With 90% of the portfolio allocated to stocks, the emphasis is on capital growth through equity investments. The 10% allocation to precious metals serves as a non-correlated asset class, potentially reducing overall portfolio volatility and providing a hedge against inflation. This blend of growth-oriented and defensive assets aligns with a balanced risk profile, though the heavy reliance on equities suggests a tilt towards growth.
The sectoral allocation reveals a technology-heavy portfolio, accounting for 32% of the total. Other significant allocations include consumer cyclicals, communication services, and healthcare. This concentration in tech and growth-oriented sectors suggests an expectation for higher returns, albeit with potentially higher volatility. Diversification across a broader range of sectors could mitigate sector-specific risks.
With 89% of assets allocated to North America, the portfolio has a strong home-country bias. This concentration in the US market may limit exposure to potential growth in international markets and increase susceptibility to domestic economic fluctuations. Expanding geographic diversification could enhance the portfolio's growth potential and resilience against regional downturns.
The portfolio's focus on mega and big-cap stocks, which together constitute 70% of the allocation, suggests a preference for established, lower-volatility companies. However, the limited exposure to small and micro-cap stocks may reduce opportunities for higher growth rates. Considering a more balanced market cap distribution could enhance returns while managing risk.
This chart shows the Efficient Frontier, calculated using your current assets with different allocation combinations. It highlights the best balance between risk and return based on historical data. "Efficient" portfolios maximize returns for a given risk or minimize risk for a given return. Portfolios below the curve are less efficient. This is informational and not a recommendation to buy or sell any assets.

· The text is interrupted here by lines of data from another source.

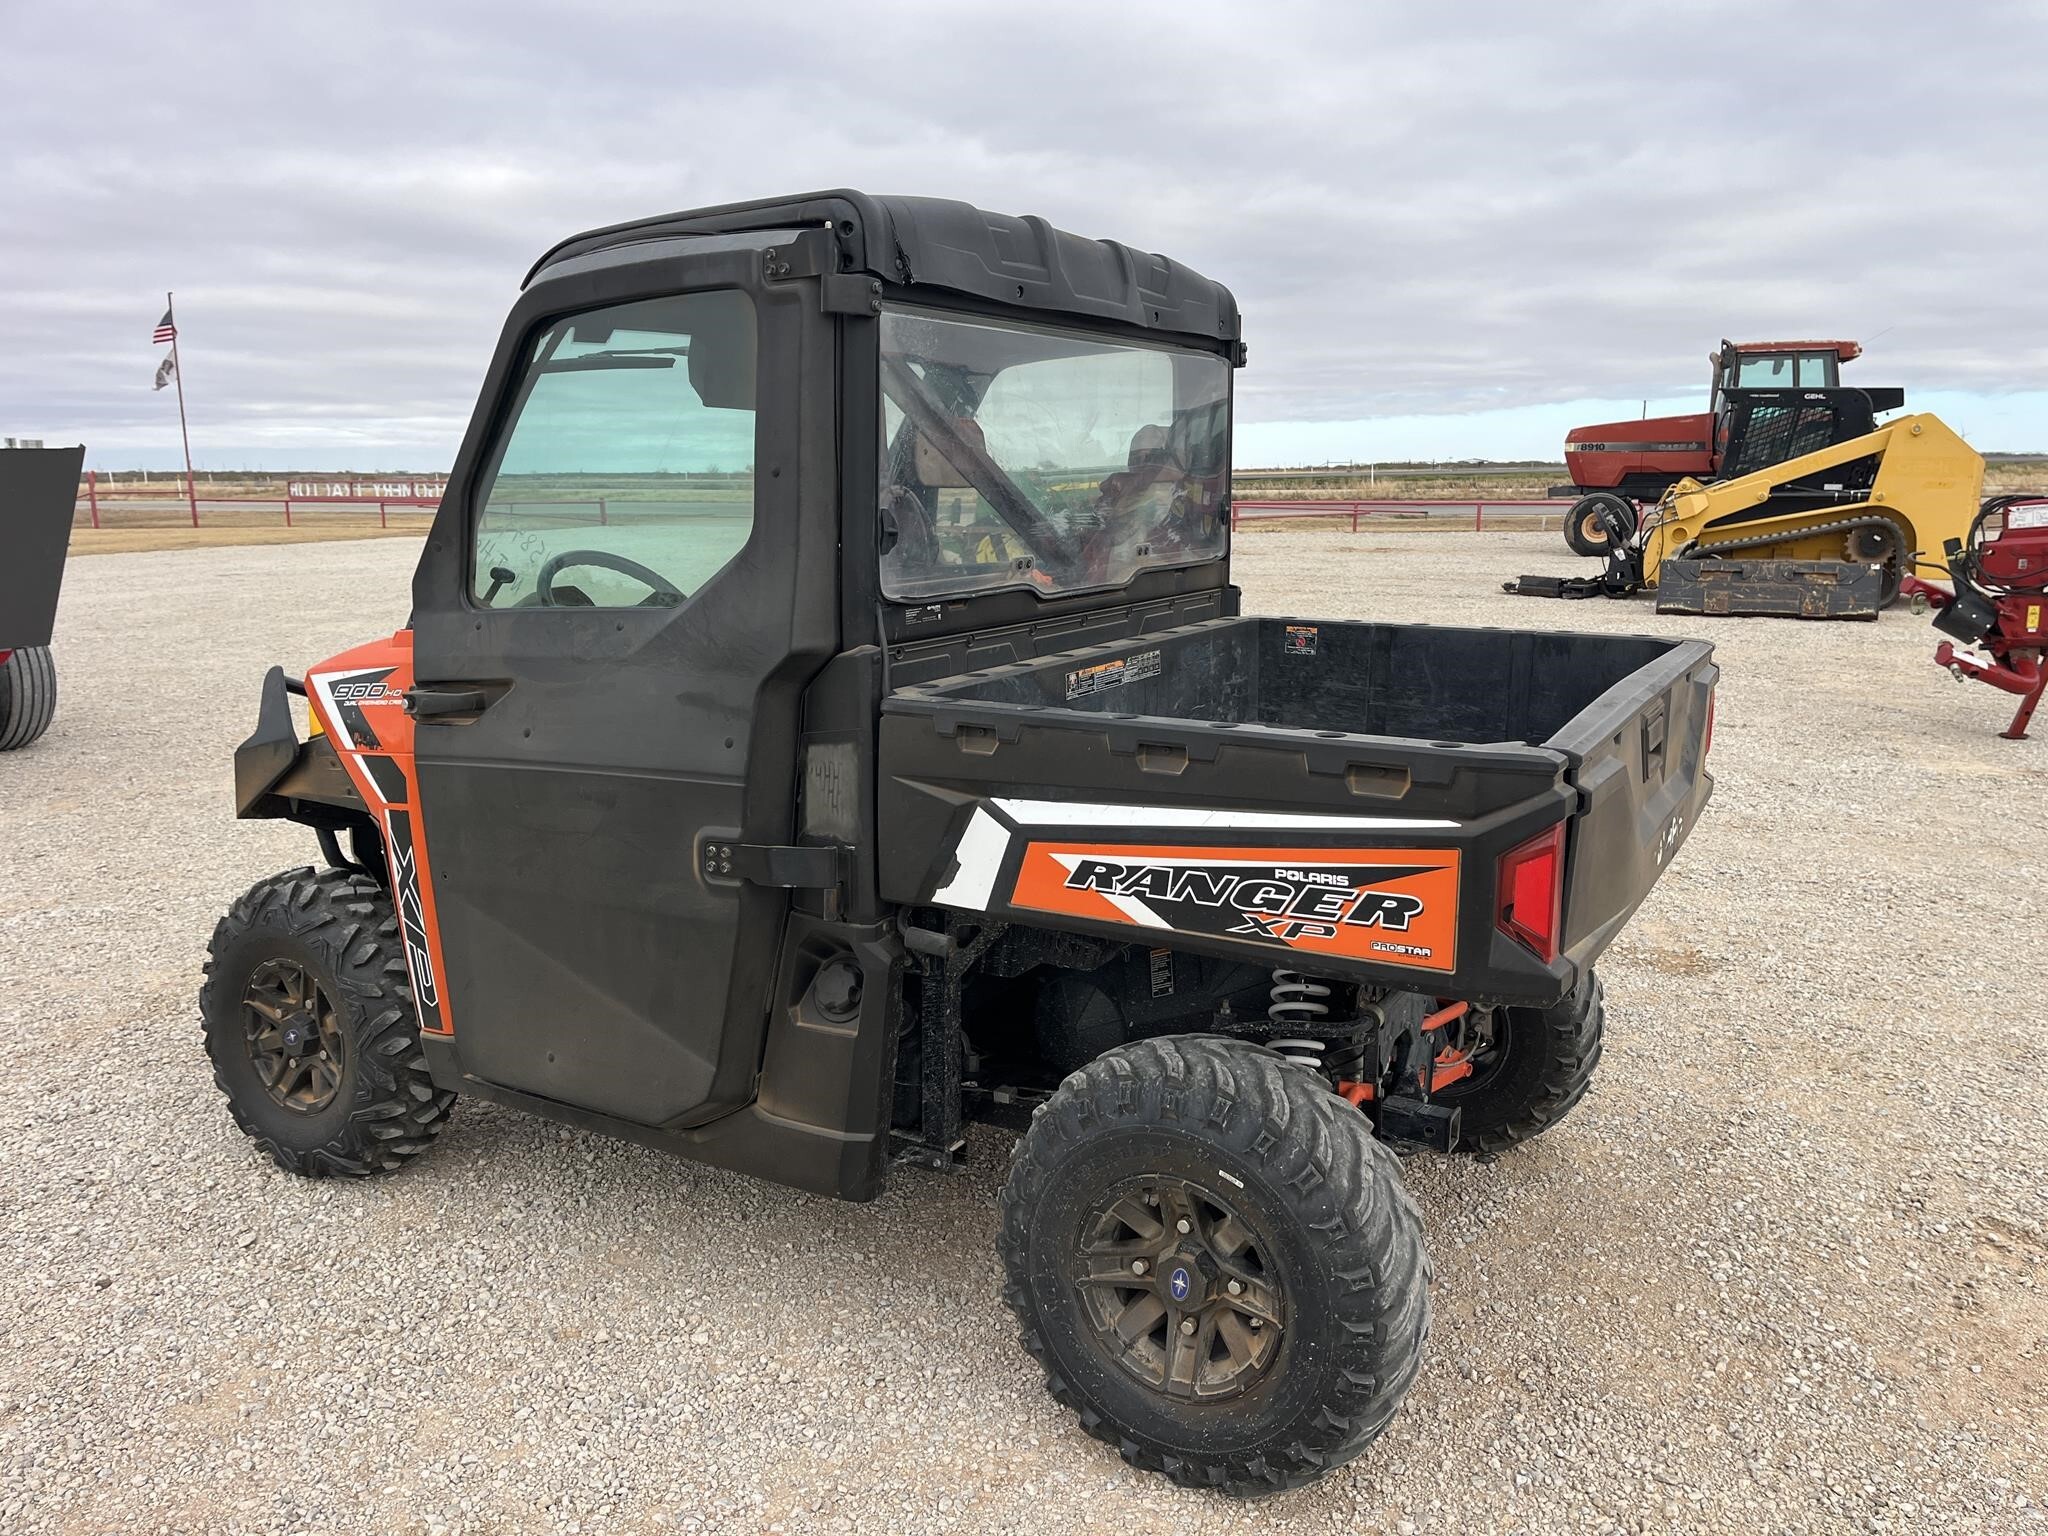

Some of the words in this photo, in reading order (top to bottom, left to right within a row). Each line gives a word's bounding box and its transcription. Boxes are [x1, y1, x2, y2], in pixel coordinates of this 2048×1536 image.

[1580, 442, 1606, 451] 8910
[332, 682, 388, 700] 900
[1274, 868, 1349, 887] POLARIS
[1064, 859, 1424, 931] RANGER
[390, 831, 438, 1007] XP
[1225, 913, 1337, 940] XP
[1371, 941, 1432, 957] PROSTAR
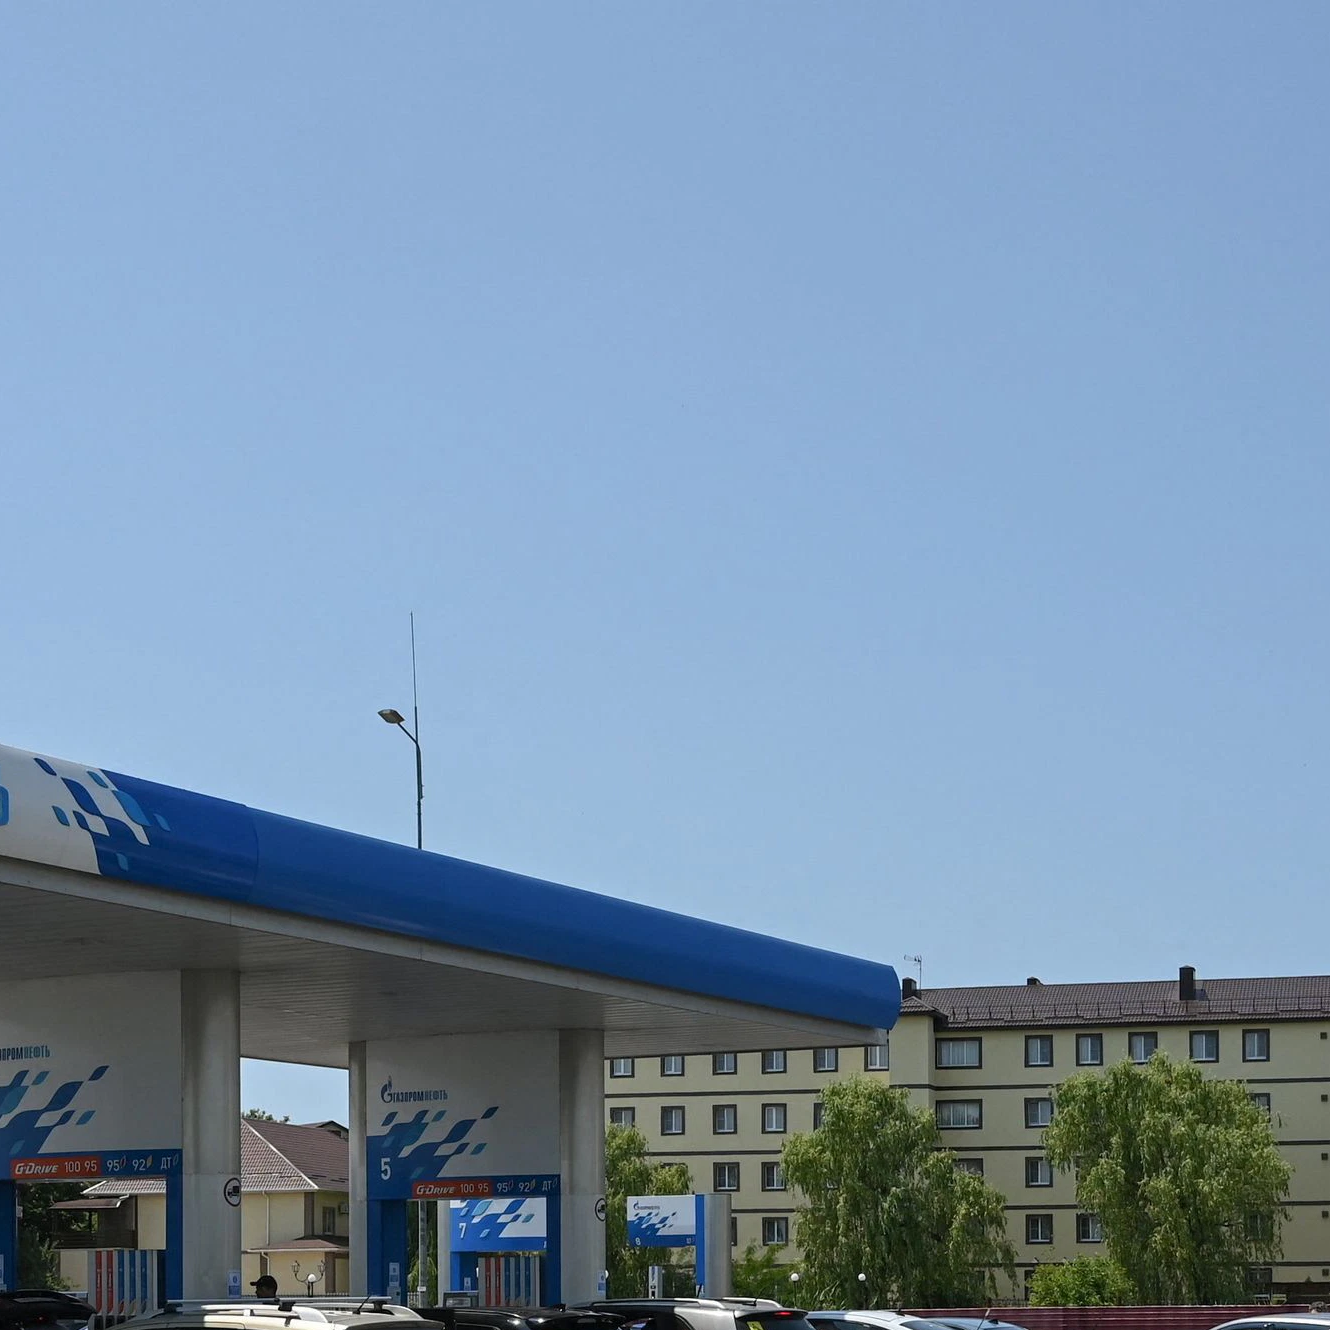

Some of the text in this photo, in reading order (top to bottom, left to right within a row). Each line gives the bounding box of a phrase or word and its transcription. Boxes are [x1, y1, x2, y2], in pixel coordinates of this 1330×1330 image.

[391, 1090, 448, 1103] ГАЗПРОМНЕФТЬ
[64, 1161, 81, 1173] 100
[84, 1160, 97, 1172] 95
[106, 1160, 120, 1172] 95
[132, 1159, 146, 1171] 92
[160, 1157, 172, 1170] ДТ
[380, 1158, 391, 1180] 5
[460, 1183, 474, 1193] 100
[477, 1183, 489, 1193] 95
[496, 1183, 508, 1192] 95
[518, 1182, 531, 1192] 92
[458, 1222, 466, 1239] 7
[635, 1237, 641, 1246] 8

Click on the colored dots to explore allocations.
Considering the Efficient Frontier, there may be opportunities to optimize the risk-return profile of the portfolio by adjusting the asset allocation. While the current setup offers a favorable balance between risk and return, exploring different combinations of assets could potentially achieve a more efficient portfolio, maximizing returns for a given level of risk.
The portfolio generates a total dividend yield of 1.39%, with the Schwab U.S. Dividend Equity ETF contributing significantly to this income. This yield provides a steady income stream and can contribute to overall returns, particularly in volatile or bear markets. The focus on dividend-yielding investments is consistent with a balanced investment strategy, offering both growth potential and income.
The portfolio's total expense ratio (TER) is remarkably low at 0.11%, which is advantageous for long-term growth as lower costs directly translate to higher net returns. This cost-efficiency is a strong aspect of the portfolio, ensuring that investors retain a greater portion of their returns.